AIM OF THE TASK - Ignoring every picture, transcribe the data in full as it stands.

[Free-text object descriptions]
++++

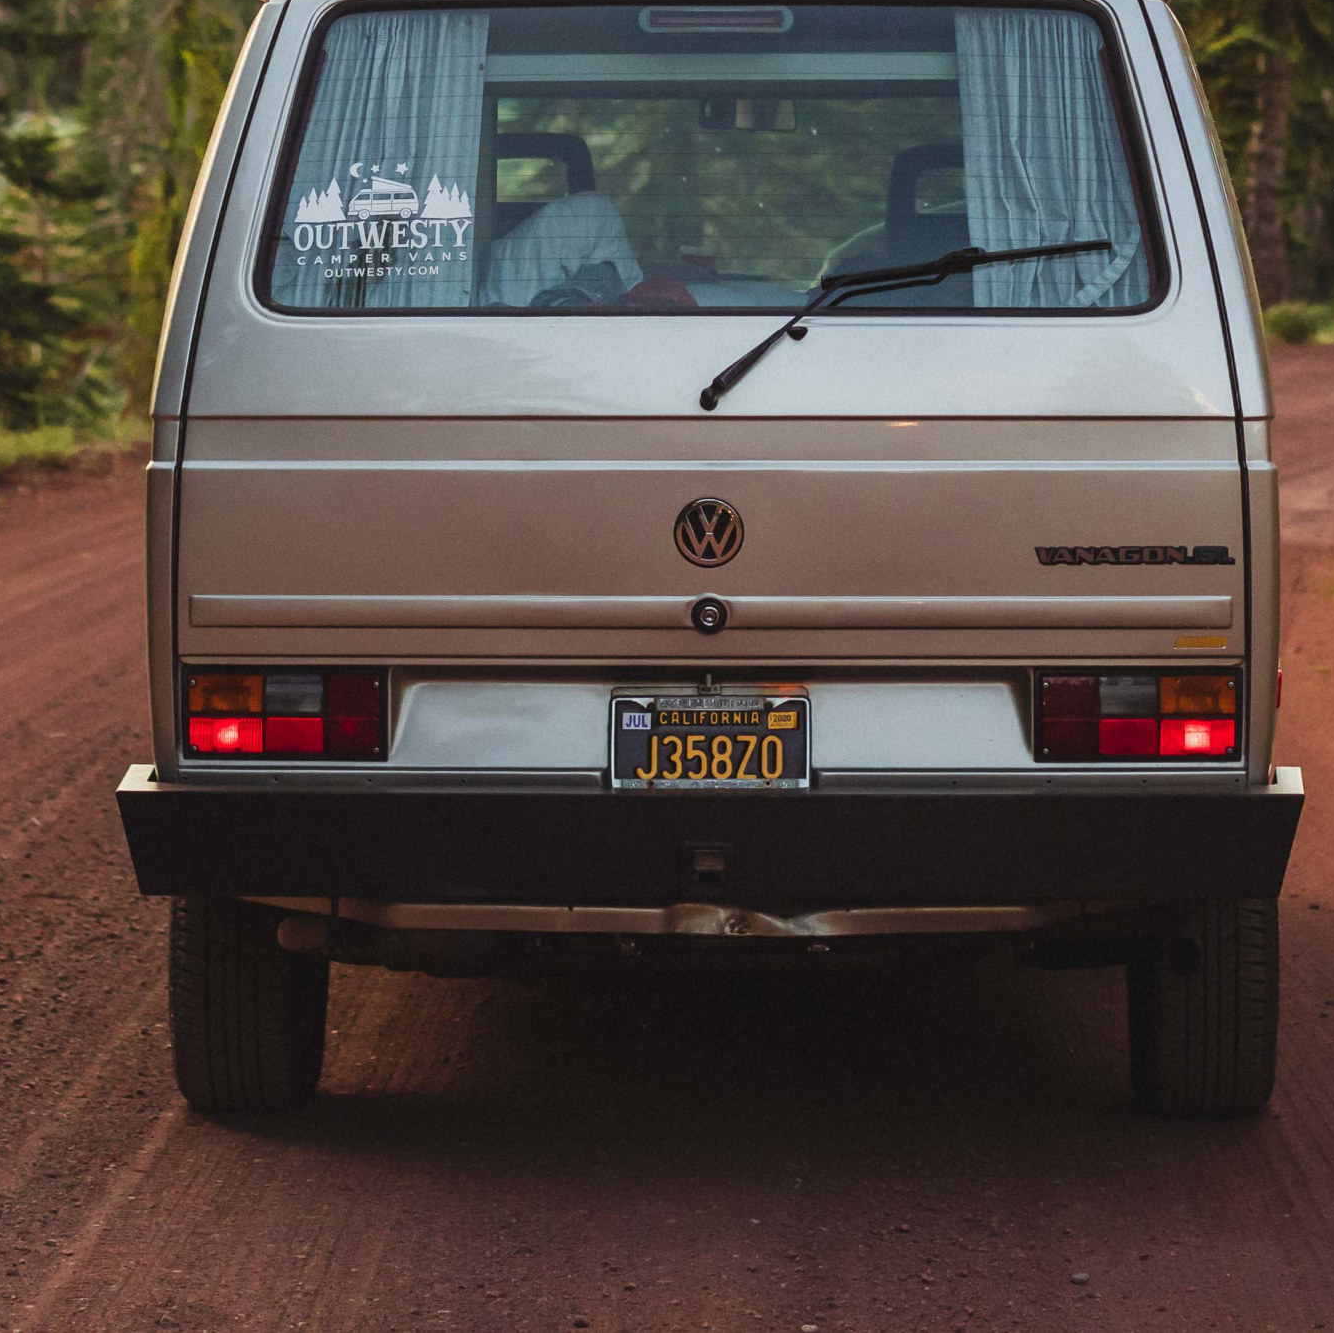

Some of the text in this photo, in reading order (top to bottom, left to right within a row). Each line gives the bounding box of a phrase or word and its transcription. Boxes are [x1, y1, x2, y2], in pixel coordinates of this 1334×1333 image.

[294, 219, 472, 251] OUTWESTY
[297, 251, 468, 265] CAMPER VANS
[324, 266, 440, 278] OUTWESTY.COM
[1034, 545, 1188, 565] VANAGON
[625, 714, 649, 728] JUL
[659, 711, 760, 725] CALIFORNIA
[772, 714, 792, 723] 2020
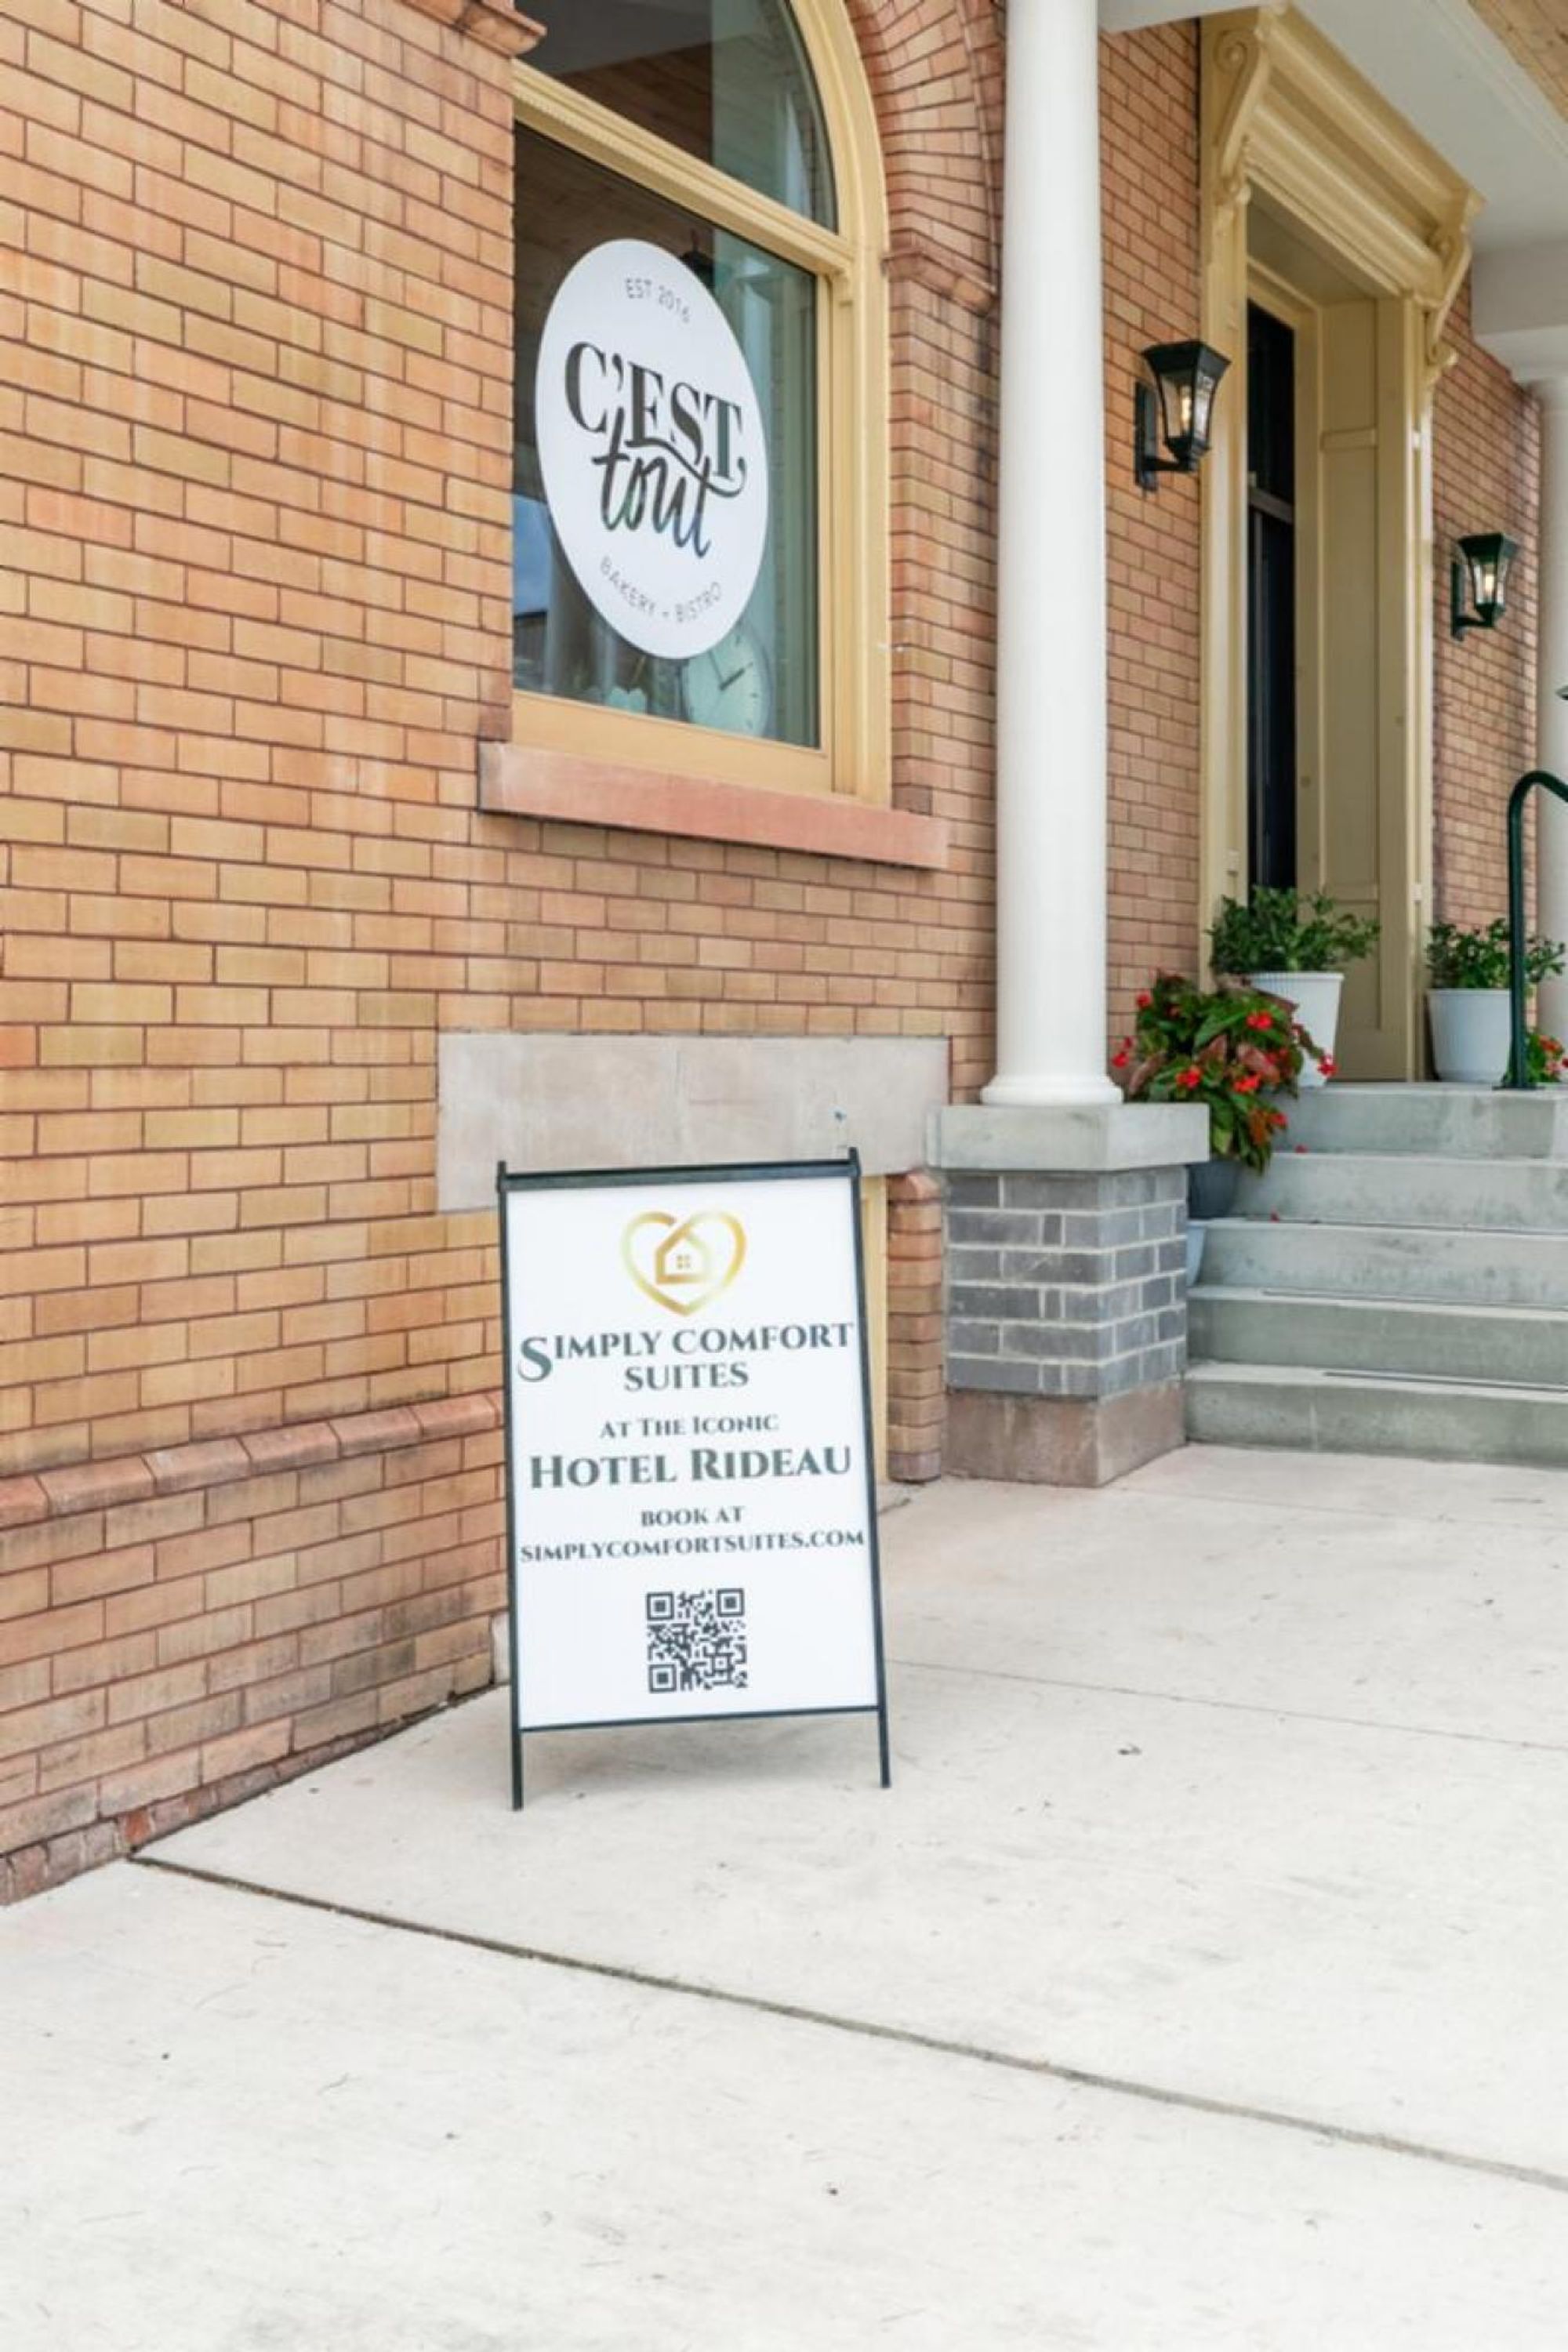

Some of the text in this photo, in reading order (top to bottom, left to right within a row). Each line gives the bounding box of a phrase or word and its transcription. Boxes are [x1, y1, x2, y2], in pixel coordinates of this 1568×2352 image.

[625, 278, 652, 299] EST
[564, 342, 745, 496] C'EST
[591, 407, 711, 557] tout
[601, 556, 655, 616] BAKERY
[675, 582, 722, 623] BISTRO
[518, 1322, 853, 1382] SIMPLY COMFORT
[624, 1363, 749, 1392] SUITES
[600, 1421, 632, 1439] AT
[529, 1446, 851, 1489] HOTEL RIDEAU
[641, 1506, 745, 1528] BOOK AT
[520, 1530, 866, 1563] SIMPLYCOMFORTSUITES.COM

++++

REPLY TO THE TASK -
Some of the text in this photo, in reading order (top to bottom, left to right within a row). Each line gives the bounding box of a phrase or word and its transcription. Boxes are [x1, y1, x2, y2], in pixel coordinates of this 1334×1333 image.

[294, 219, 472, 251] OUTWESTY
[297, 251, 468, 265] CAMPER VANS
[324, 266, 440, 278] OUTWESTY.COM
[1034, 545, 1188, 565] VANAGON
[625, 714, 649, 728] JUL
[659, 711, 760, 725] CALIFORNIA
[772, 714, 792, 723] 2020

Some of the text in this photo, in reading order (top to bottom, left to right within a row). Each line gives the bounding box of a phrase or word and its transcription. Boxes are [x1, y1, x2, y2], in pixel coordinates of this 1568×2352 image.

[625, 278, 652, 299] EST
[564, 342, 745, 496] C'EST
[591, 407, 711, 557] tout
[601, 556, 655, 616] BAKERY
[675, 582, 722, 623] BISTRO
[518, 1322, 853, 1382] SIMPLY COMFORT
[624, 1363, 749, 1392] SUITES
[600, 1421, 632, 1439] AT
[529, 1446, 851, 1489] HOTEL RIDEAU
[641, 1506, 745, 1528] BOOK AT
[520, 1530, 866, 1563] SIMPLYCOMFORTSUITES.COM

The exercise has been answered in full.